Compared with White patients, no significant associations between maximum or minimum priority score and race were found. For instance, the maximum priority score, or the score that would likely lead to denial of treatment, had an adjusted incidence rate ratio (IRR) of 1.00 in Black patients (95% confidence interval [CI]; 0.89 to 1.12; 28.7% of cohort), 0.95 in Asian patients (95% CI; 0.62 to 1.45; 0.7% of cohort), and 0.93 in multiracial patients (95% CI, 0.72 to 1.19; 2.8% of cohort). In comparison with non-Hispanic patients, Hispanic patients had an adjusted IRR of 1.00 (95% CI, 0.89 to 1.13; 54.2% of cohort).

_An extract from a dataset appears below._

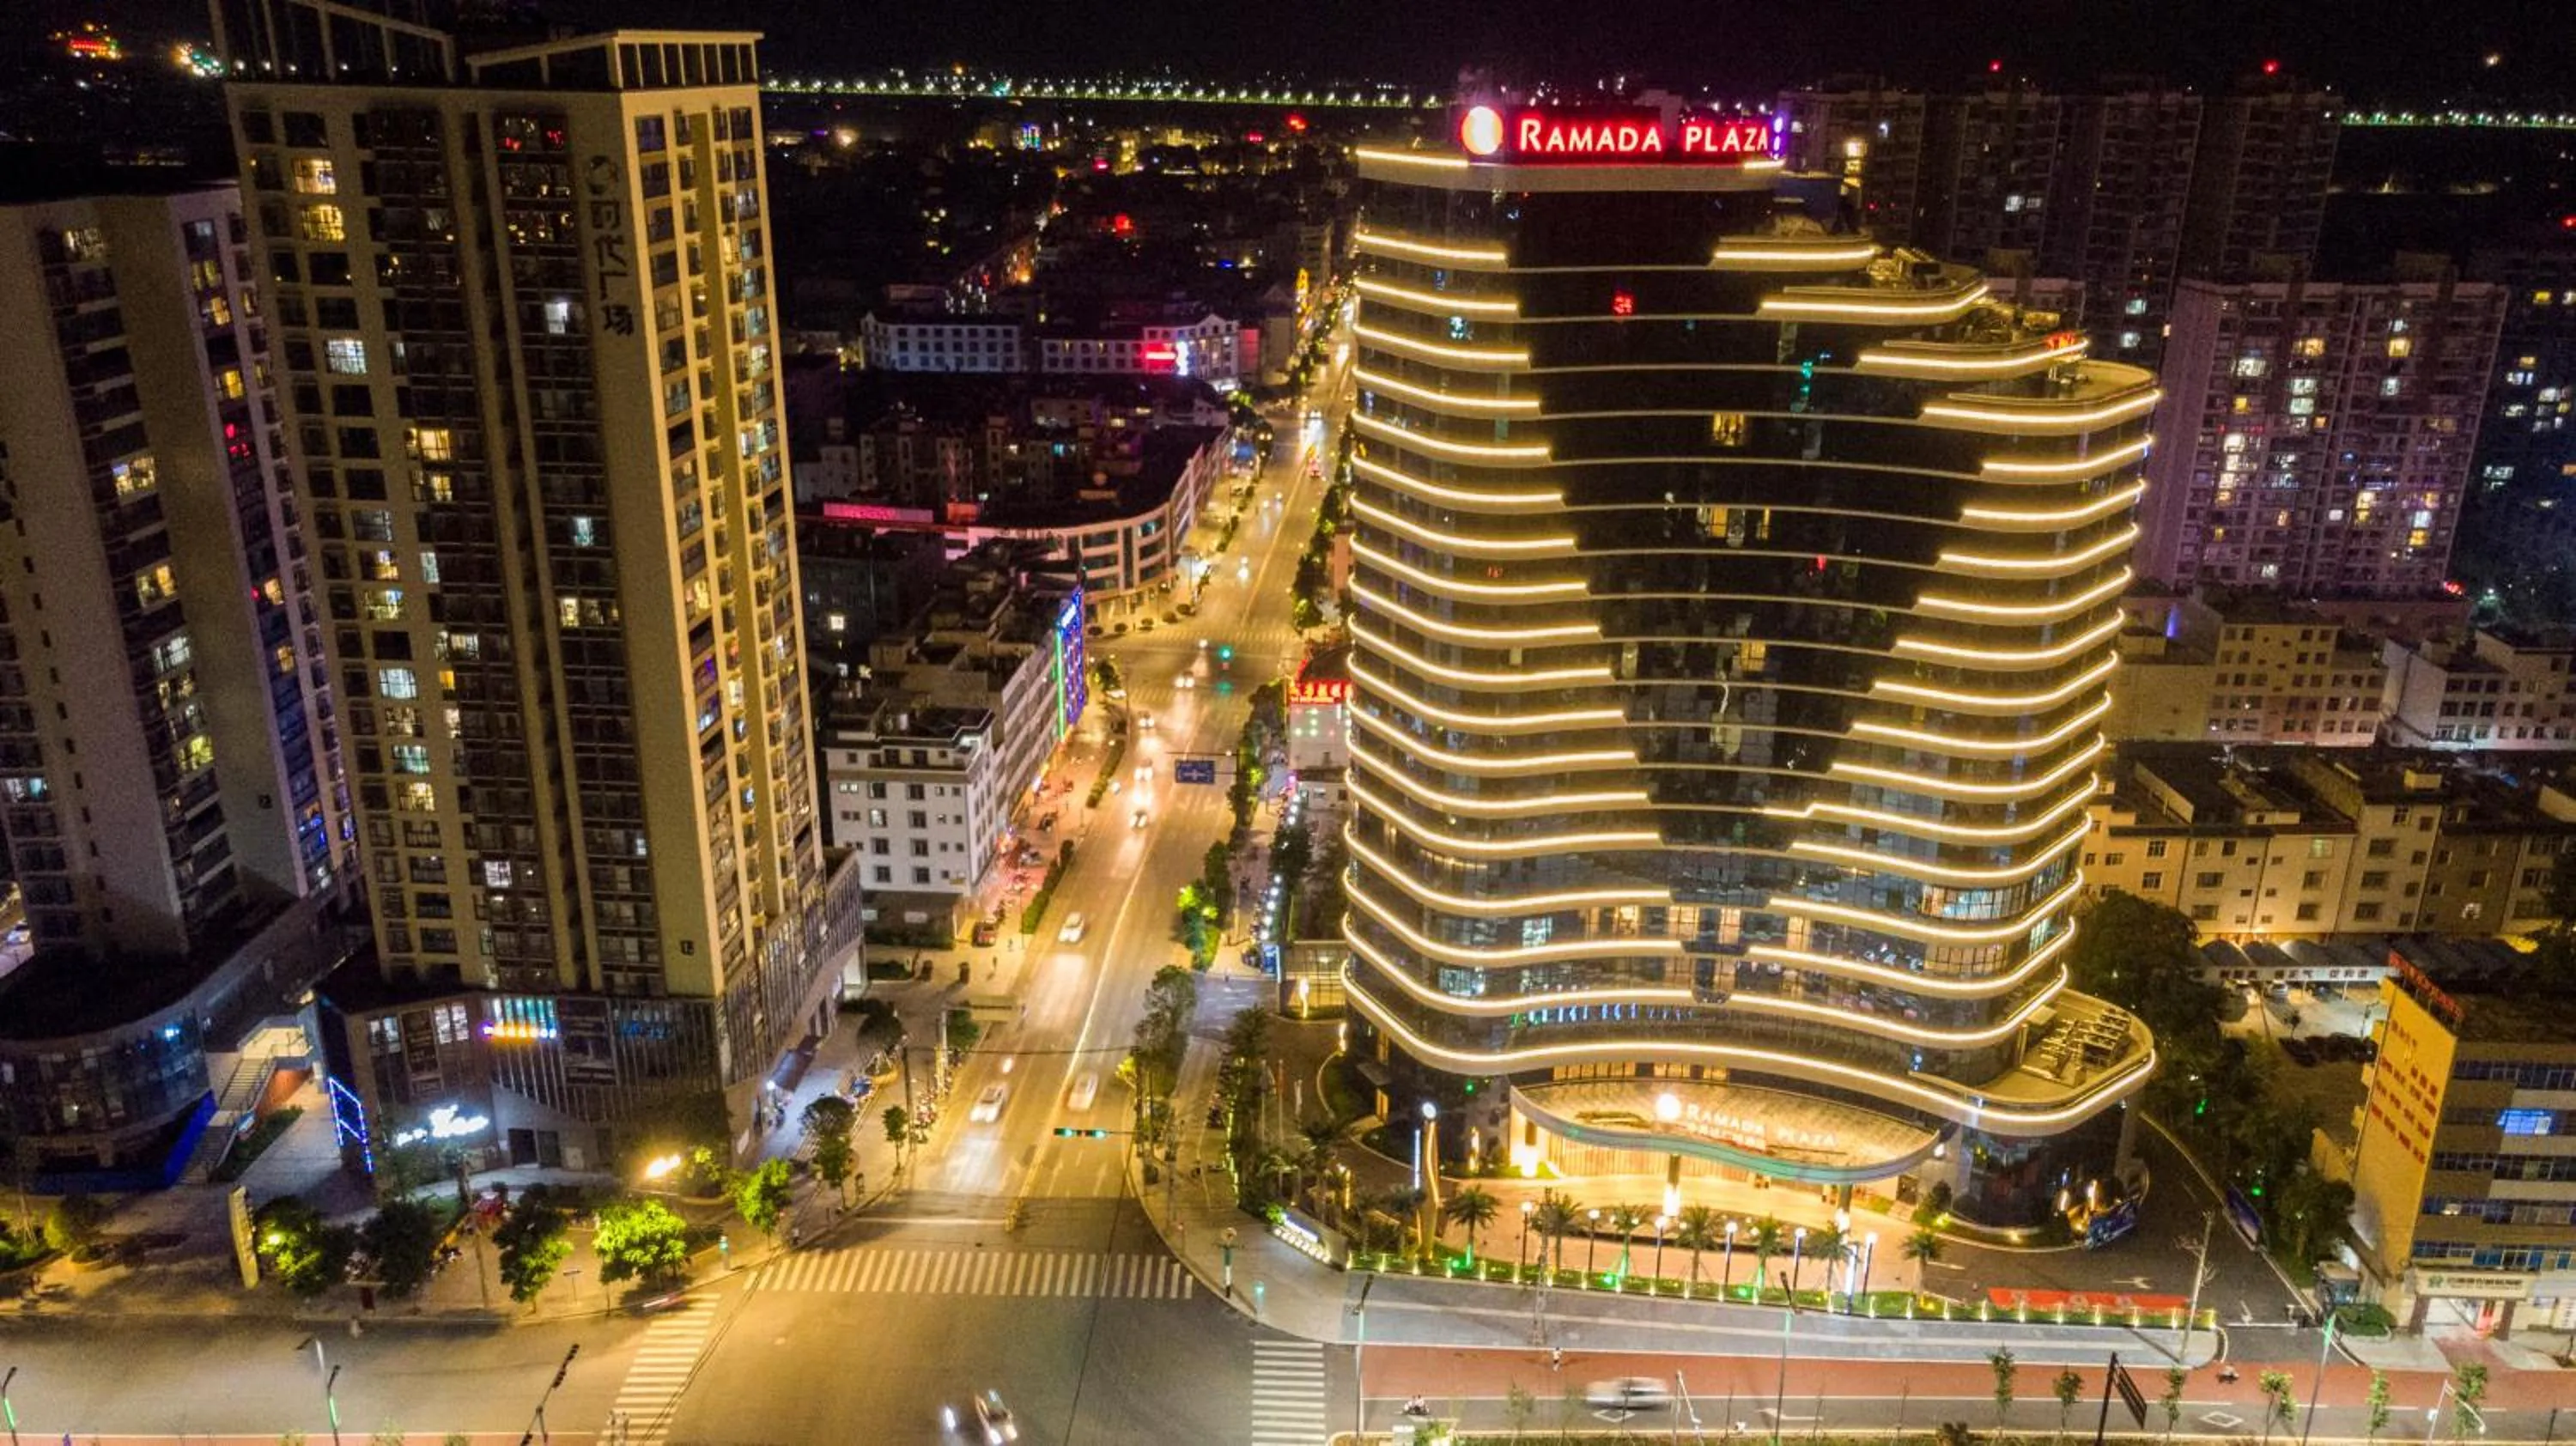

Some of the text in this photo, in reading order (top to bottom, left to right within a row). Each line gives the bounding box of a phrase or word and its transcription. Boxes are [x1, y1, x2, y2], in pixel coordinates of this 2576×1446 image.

“Although the inclusion of comorbid conditions was not associated with racialized differences in priority score in the study by Gershengorn et al, the inequitable distribution of life-limiting health conditions—an individual-level manifestation of structural racism—nevertheless makes their inclusion in CSC guidelines problematic,” the commentary states. It adds that limiting the number of SOFA points for comorbidities with the strongest racial associations and doing analysis on disability discrimination would further ensure equity.
“With more than 70% of patients stratified into the highest priority group, their utility in critical care triage is suspect,” the commentary concludes. “Secondary tie-breaker criteria may be needed to improve the ability of CSC guidelines to more broadly and effectively guide the allocation of resources.”
Mar 19 JAMA Netw Open study
Mar 19 JAMA Netw Open commentary
Fatal H5N6 avian flu case reported in China
China reported one more human H5N6 avian flu case, which involves a 50-year-old man from Guangxi province who died from his infection, according to a statement today from Hong Kong’s Centre for Health Protection (CHP).
The man’s symptoms began on Feb 16, and he was hospitalized on Feb 17 for severe pneumonia. He died on Mar 2. No details on his exposure to the virus was noted in the CHP report. Guangxi province is in southern China on the border with Vietnam.
Poultry outbreaks involving H5N6 have been reported in China and a few other Asian nations, but so far China has been the only country to report human cases. Since the first human case was reported in 2014, China has now reported 30 infections, many of them fatal.
Mar 22 CHP statement
Global flu patterns stay low and sporadic
Flu levels across the globe remained low, with only a few parts of the world reporting circulation, with mostly sporadic detections, the World Health Organization (WHO) said in its latest update, which covers the last half of February.
The latest snapshot should be considered in the context of the COVID-19 pandemic, for which response measures may be affecting flu virus transmission, the WHO said.
Some countries in western and eastern Africa have reported flu activity in recent weeks, and cases continue to be reported in Laos, mainly involving the H3N2 strain. In India, H3N2 detections increased.
Countries reporting sporadic detections include Colombia, Azerbaijan, Saudi Arabia, and Armenia.
Globally, of the few respiratory specimens that tested positive for flu, 48.6% were influenza A and 51.4% were influenza B. Of the subtyped influenza A viruses, 65.6% were H3N2.